Falam Township is mountainous, running east–west from the foothills above the Neyinzaya and Myittha rivers to the high peaks of the Chin Hills in the Arakan Mountain Range and down to the border with Mizoram State, India. The highest peak in the township, Mount Zinghmuh, is also the second highest mountain peak in Chin State. The Manipur (Manipuya) River runs south through the center of the township. People who travel to the city take the Kalay-Falam-Hakha Road. The township is famous for its heart-shaped lake called Hri (Rih or Yi). The township is also the location of Laiva Dam, the largest dam in Chin State. The dam produces hydroelectric power for Falam and neighboring cities such as Hakha and Thantlang (Thlangtlang).
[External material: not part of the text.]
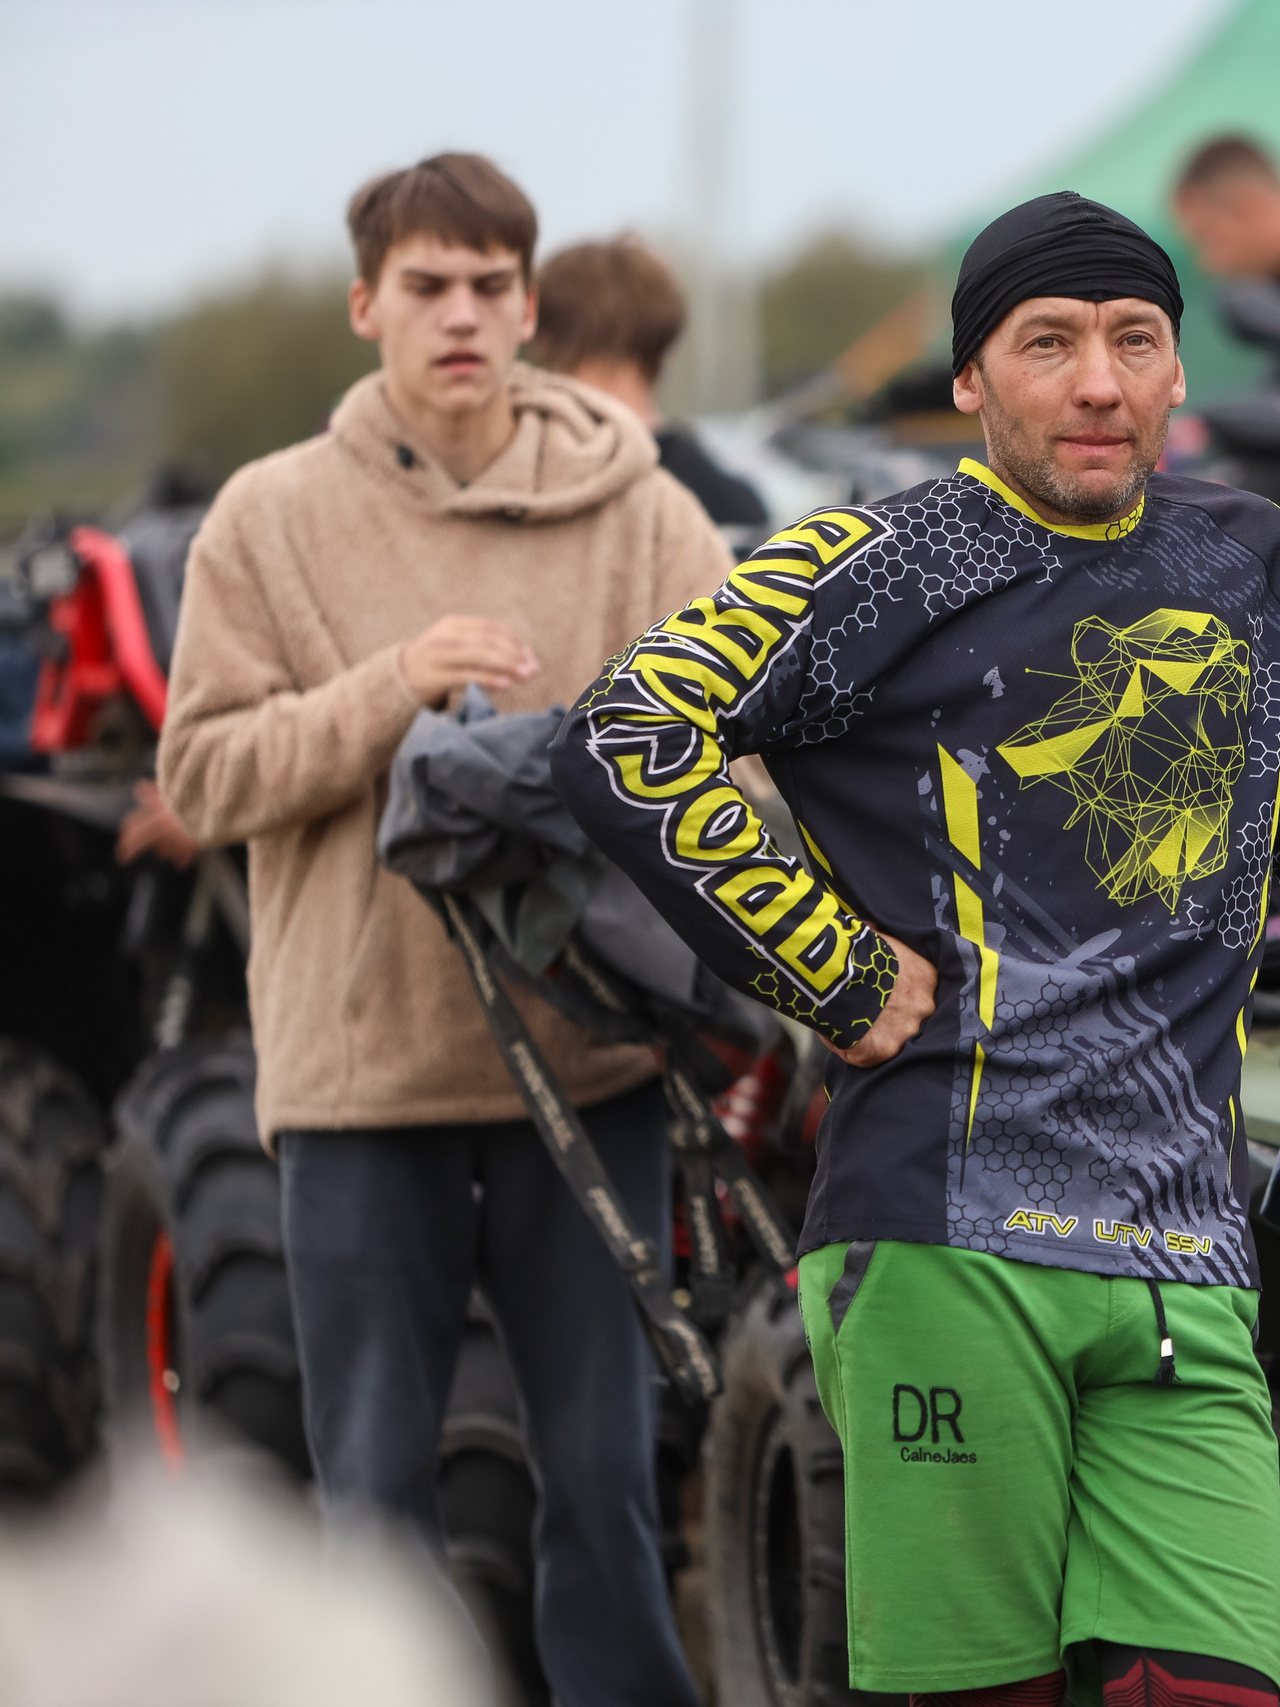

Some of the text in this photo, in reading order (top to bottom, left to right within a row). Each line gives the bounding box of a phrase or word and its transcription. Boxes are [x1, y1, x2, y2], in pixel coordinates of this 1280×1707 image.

[596, 508, 880, 1000] ЯРОСАВЛЬ
[1005, 1209, 1212, 1255] ATV UTV SSV
[892, 1383, 965, 1444] DR
Bridges include the Manipura river-crossing suspension bridge, 320 feet long by 5 feet wide, linking Bazan Village and Kawdah Village, and the Lonnlwe creek-crossing suspension bridge, 130 feet long by four feet wide, linking Kawdah Village and Kwabwe Village in the township.

==History==
In the reorganization of Chin State townships in 2008, Falam Township lost its northernmost village tracts in the east to Tiddim Township, and a few of its recently gained southwestern-most village tracts were returned to Thantlang Township, but it gained a much longer border with India by the transfer of Tiddim Township's southwestern village tracts to Fallam Township.

In 2022, it became the only township left in Falam District after the formation of the Tedim District.

==Communities==
The town of Rihkhawdar (Reehkawdar) is the northernmost town in the township. The township has 87 village tracts and 178 villages.